__PROVIDED MATERIAL__:
#####

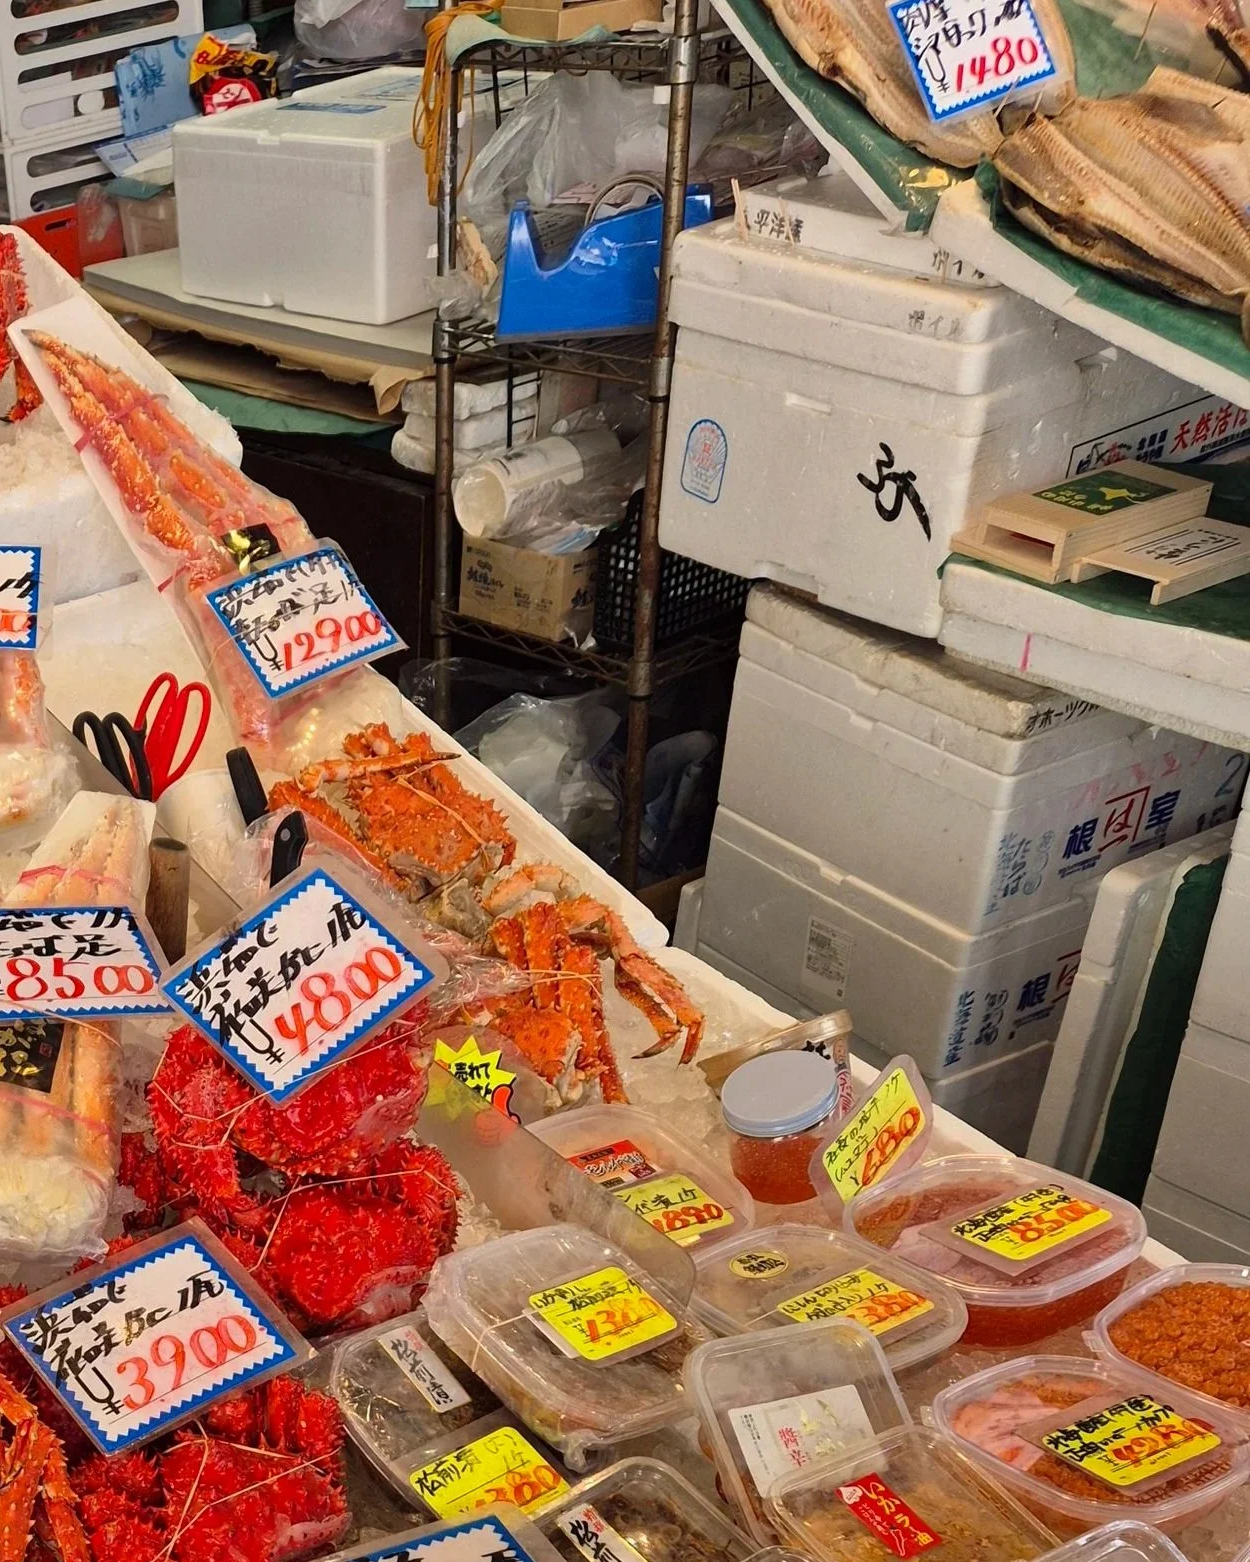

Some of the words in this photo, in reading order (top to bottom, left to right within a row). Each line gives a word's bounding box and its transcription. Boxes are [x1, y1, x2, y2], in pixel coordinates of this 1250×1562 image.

[924, 35, 1040, 96] ¥1480
[232, 943, 406, 1064] ¥4800
[72, 1312, 259, 1416] ¥3900
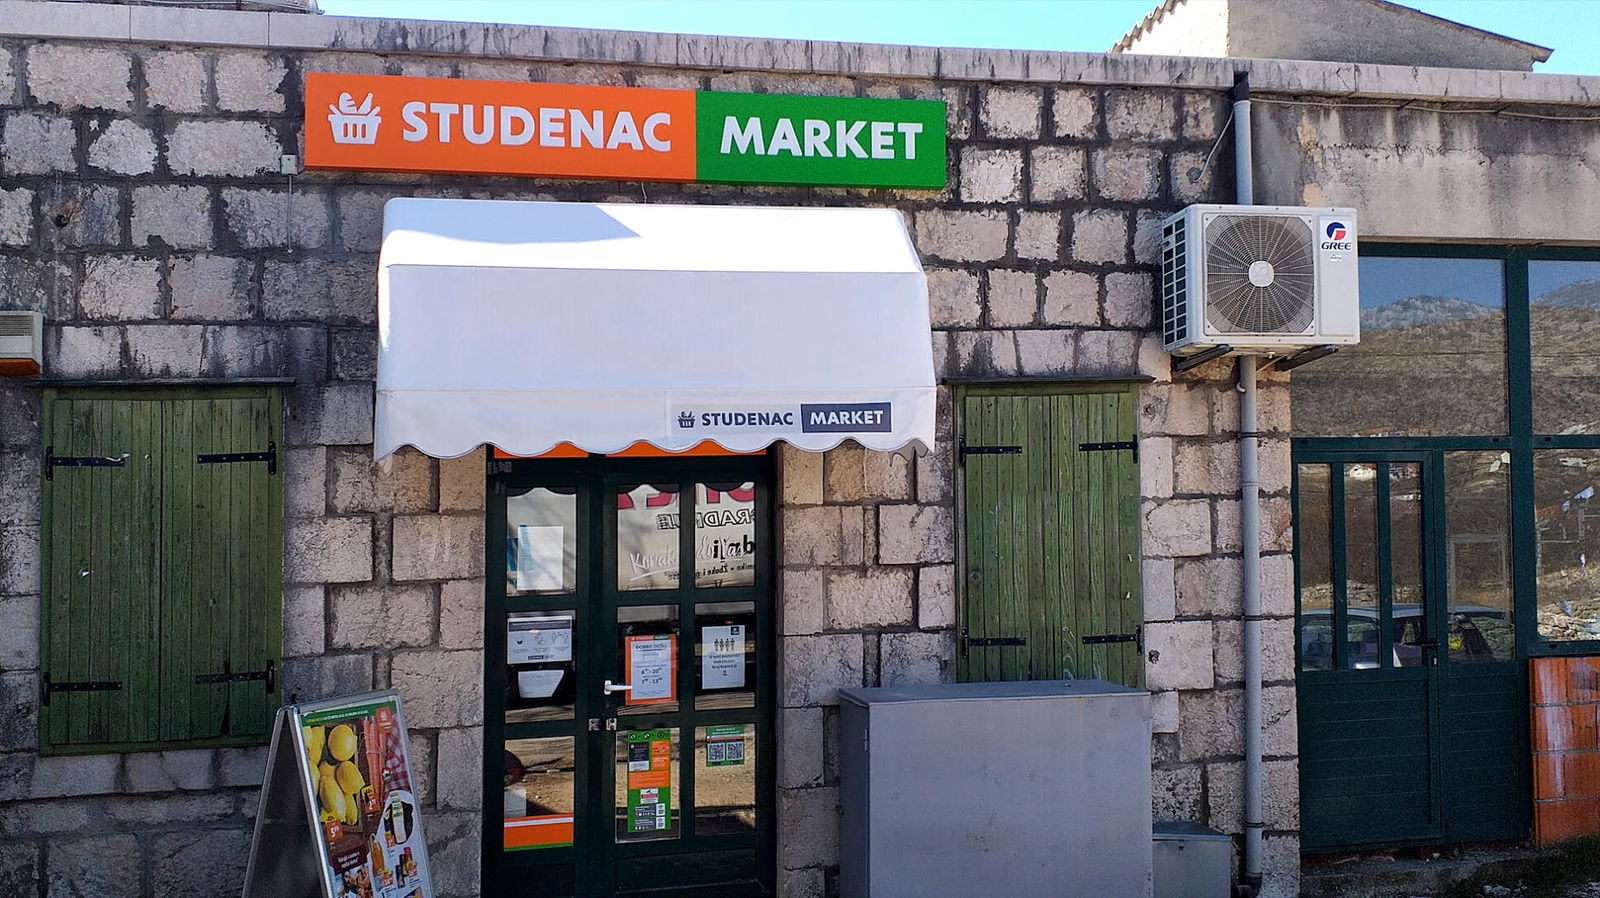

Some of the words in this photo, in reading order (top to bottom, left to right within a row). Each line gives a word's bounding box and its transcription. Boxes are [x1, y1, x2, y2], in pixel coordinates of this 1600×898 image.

[402, 101, 671, 153] STUDENAC
[720, 115, 923, 160] MARKET
[1321, 241, 1352, 251] GREE
[702, 411, 794, 426] STUDENAC
[809, 410, 884, 425] MARKET
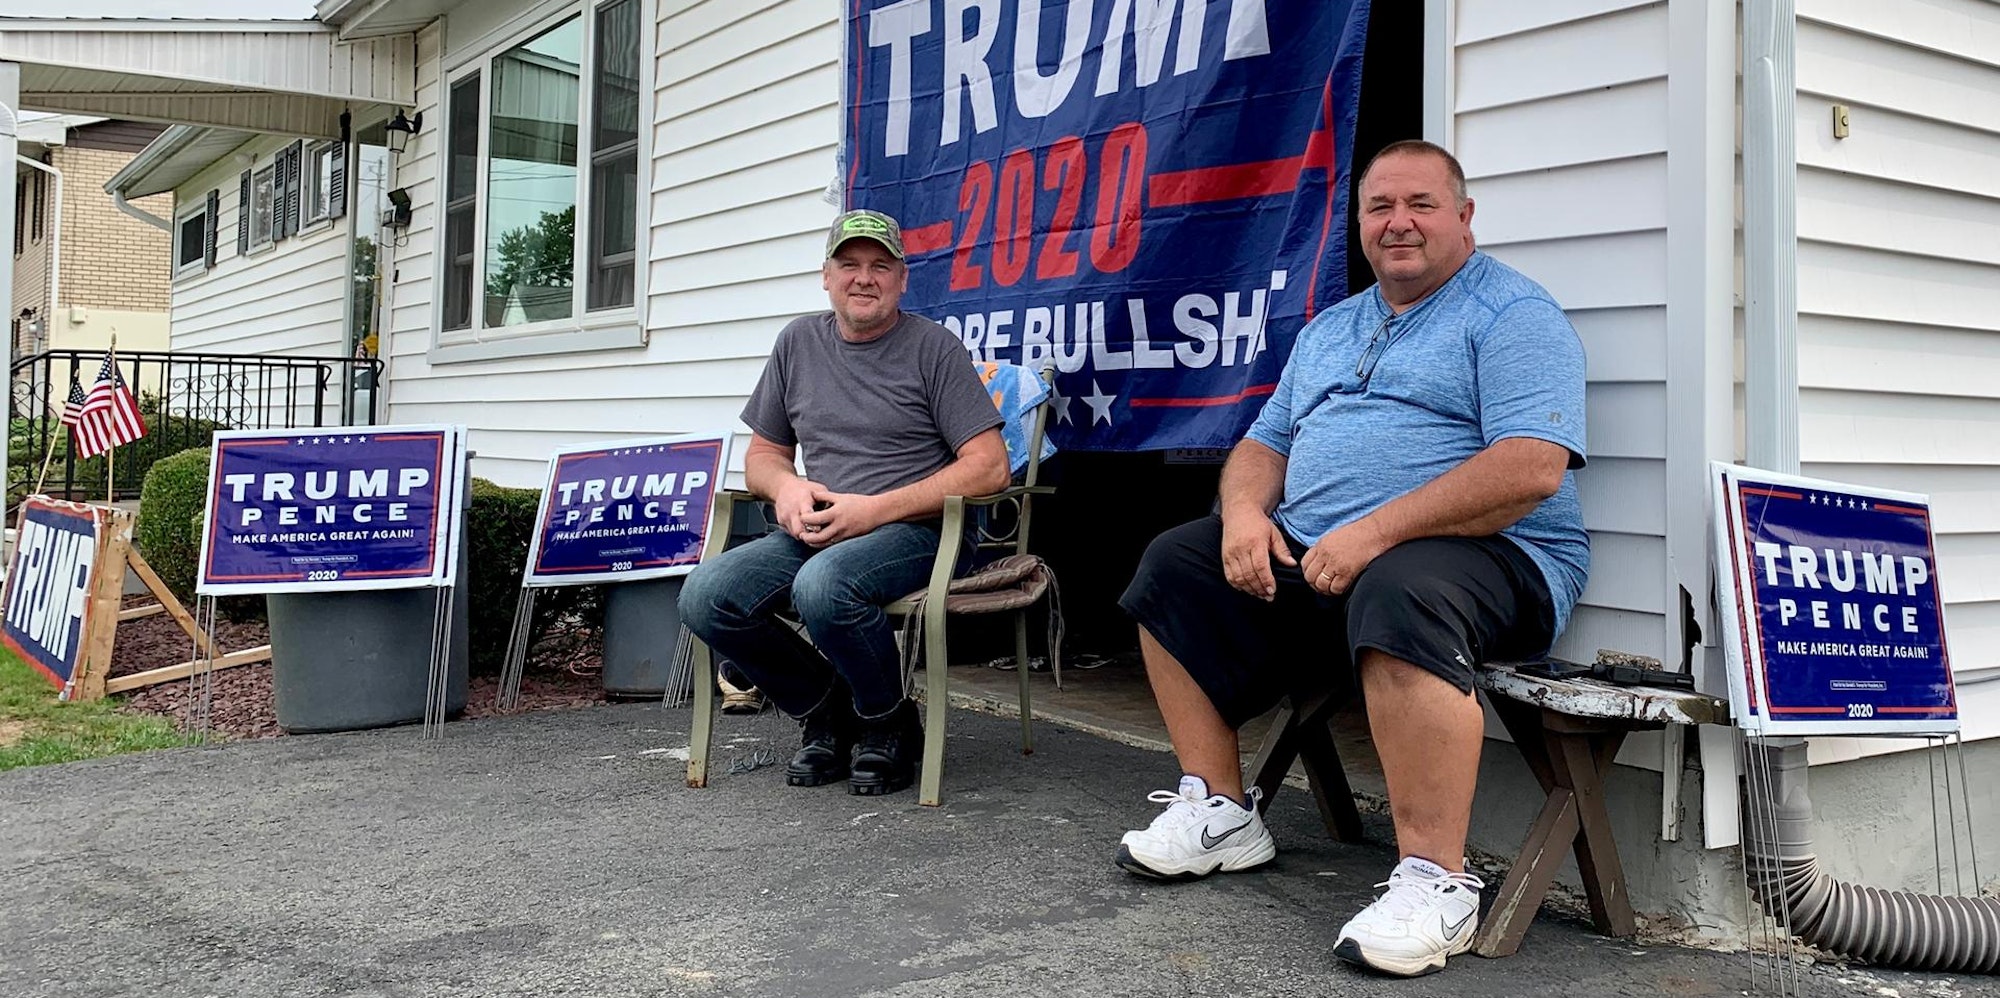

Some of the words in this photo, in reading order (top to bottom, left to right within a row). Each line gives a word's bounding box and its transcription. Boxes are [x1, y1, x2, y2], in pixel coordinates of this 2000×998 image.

[949, 121, 1148, 291] 2020
[1022, 270, 1287, 374] BULLSH
[225, 468, 430, 502] TRUMP
[558, 471, 708, 506] TRUMP
[241, 502, 409, 526] PENCE
[565, 500, 688, 526] PENCE
[232, 533, 267, 544] MAKE
[270, 532, 326, 543] AMERICA
[330, 531, 368, 541] GREAT
[372, 529, 415, 539] AGAIN!
[556, 531, 580, 540] MAKE
[582, 528, 626, 538] AMERICA
[627, 525, 656, 535] GREAT
[656, 523, 690, 533] AGAIN!
[307, 570, 338, 580] 2020
[611, 561, 633, 571] 2020
[1754, 541, 1928, 596] TRUMP
[6, 519, 95, 662] TRUMP
[1779, 598, 1919, 633] PENCE
[1777, 640, 1808, 655] MAKE
[1810, 642, 1857, 657] AMERICA
[1858, 644, 1891, 658] GREAT
[1893, 645, 1929, 659] AGAIN!
[1848, 703, 1874, 718] 2020

#####

__WHAT THIS TASK INVOLVES__: Leaving the pictures out, write out all the material above exactly.

__TASK ANSWER__:
Some of the words in this photo, in reading order (top to bottom, left to right within a row). Each line gives a word's bounding box and its transcription. Boxes are [x1, y1, x2, y2], in pixel coordinates of this 1250×1562 image.

[924, 35, 1040, 96] ¥1480
[232, 943, 406, 1064] ¥4800
[72, 1312, 259, 1416] ¥3900

Some of the words in this photo, in reading order (top to bottom, left to right within a row). Each line gives a word's bounding box and its transcription. Boxes are [x1, y1, x2, y2], in pixel coordinates of this 1600×898 image.

[402, 101, 671, 153] STUDENAC
[720, 115, 923, 160] MARKET
[1321, 241, 1352, 251] GREE
[702, 411, 794, 426] STUDENAC
[809, 410, 884, 425] MARKET

Some of the words in this photo, in reading order (top to bottom, left to right within a row). Each line gives a word's bounding box and its transcription. Boxes are [x1, y1, x2, y2], in pixel coordinates of this 2000×998 image.

[949, 121, 1148, 291] 2020
[1022, 270, 1287, 374] BULLSH
[225, 468, 430, 502] TRUMP
[558, 471, 708, 506] TRUMP
[241, 502, 409, 526] PENCE
[565, 500, 688, 526] PENCE
[232, 533, 267, 544] MAKE
[270, 532, 326, 543] AMERICA
[330, 531, 368, 541] GREAT
[372, 529, 415, 539] AGAIN!
[556, 531, 580, 540] MAKE
[582, 528, 626, 538] AMERICA
[627, 525, 656, 535] GREAT
[656, 523, 690, 533] AGAIN!
[307, 570, 338, 580] 2020
[611, 561, 633, 571] 2020
[1754, 541, 1928, 596] TRUMP
[6, 519, 95, 662] TRUMP
[1779, 598, 1919, 633] PENCE
[1777, 640, 1808, 655] MAKE
[1810, 642, 1857, 657] AMERICA
[1858, 644, 1891, 658] GREAT
[1893, 645, 1929, 659] AGAIN!
[1848, 703, 1874, 718] 2020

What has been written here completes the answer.